Task item :: Print all the records below exactly as they stand, but leave out the pictures.

Dataset content ::
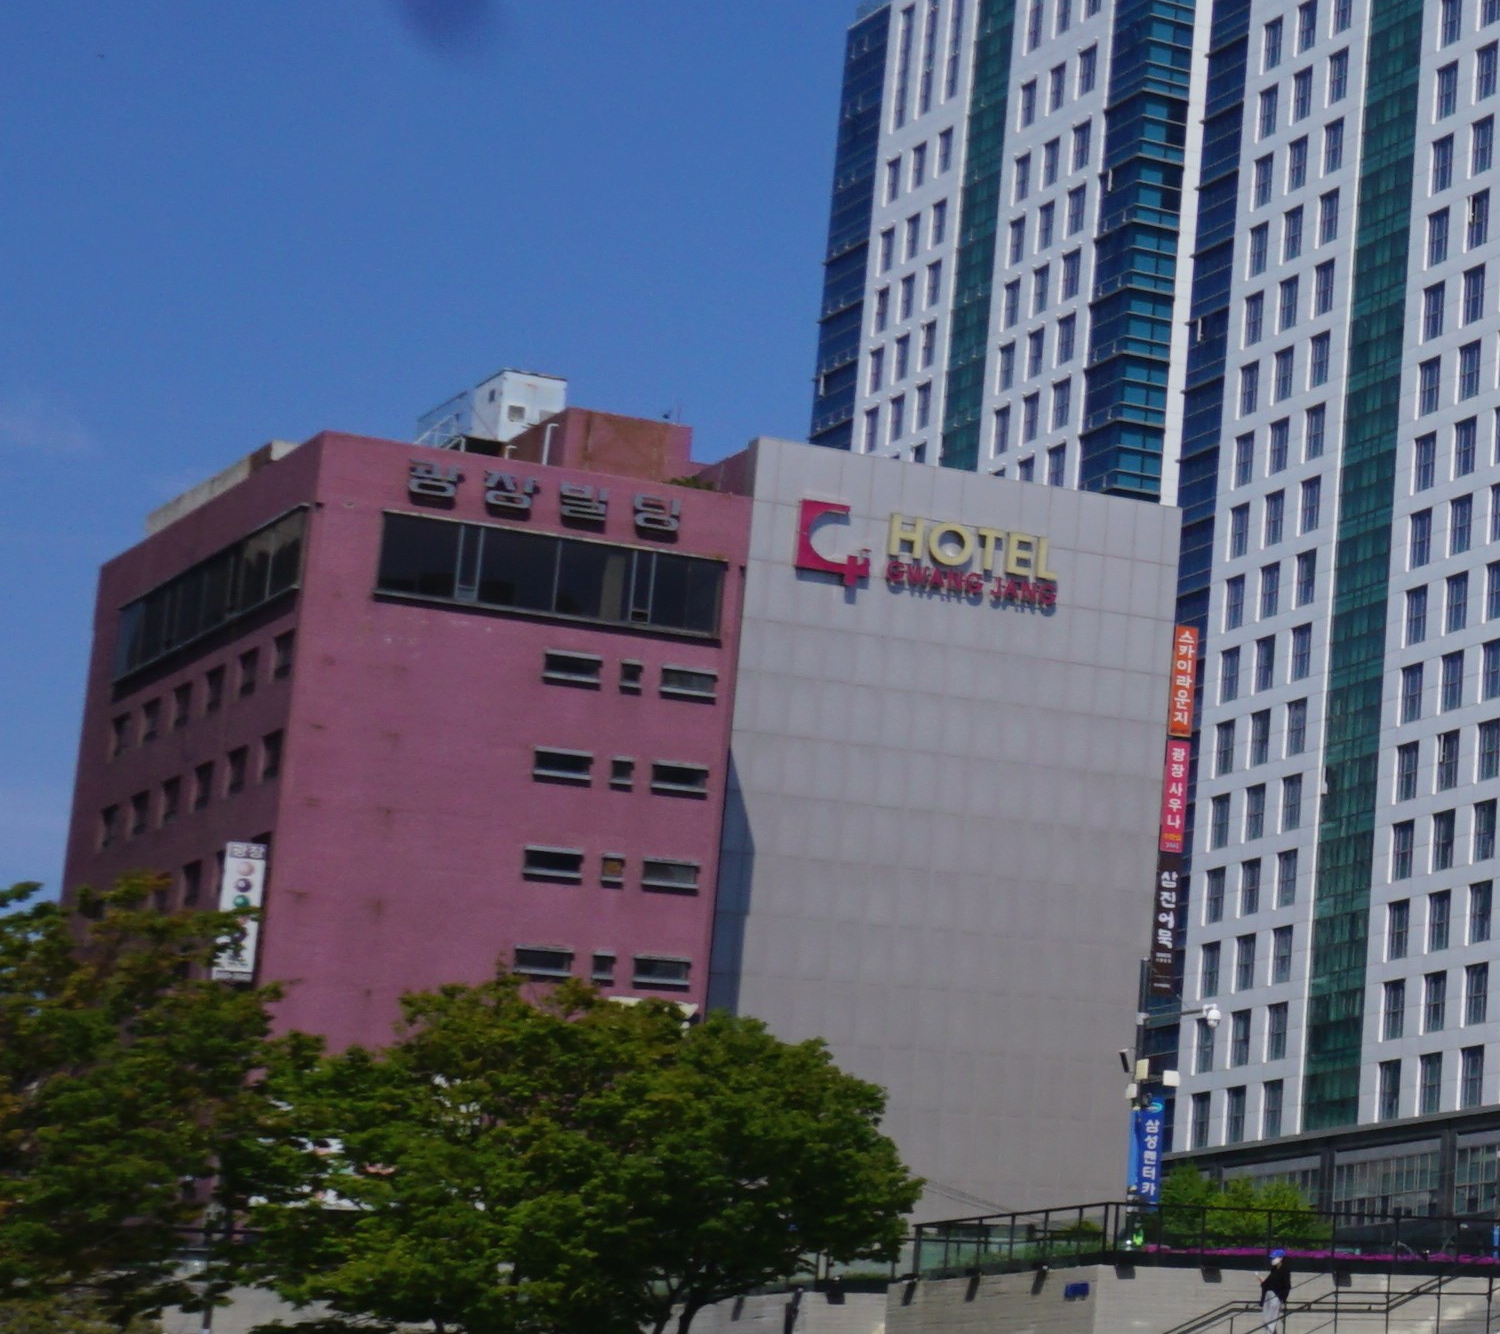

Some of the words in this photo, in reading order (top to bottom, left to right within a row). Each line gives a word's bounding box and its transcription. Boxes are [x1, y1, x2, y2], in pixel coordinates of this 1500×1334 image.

[407, 459, 683, 532] 광장빌딩
[887, 512, 1058, 581] HOTEL
[886, 560, 984, 594] GWANG
[990, 575, 1058, 606] JANG
[1173, 630, 1195, 726] 스카이라운지
[1170, 747, 1186, 778] 광장
[1166, 782, 1183, 829] 사우나
[1140, 1118, 1161, 1197] 삼성렌터카

Answer to this problem ::
Some of the words in this photo, in reading order (top to bottom, left to right within a row). Each line gives a word's bounding box and its transcription. Boxes are [x1, y1, x2, y2], in pixel coordinates of this 1500×1334 image.

[407, 459, 683, 532] 광장빌딩
[887, 512, 1058, 581] HOTEL
[886, 560, 984, 594] GWANG
[990, 575, 1058, 606] JANG
[1173, 630, 1195, 726] 스카이라운지
[1170, 747, 1186, 778] 광장
[1166, 782, 1183, 829] 사우나
[1140, 1118, 1161, 1197] 삼성렌터카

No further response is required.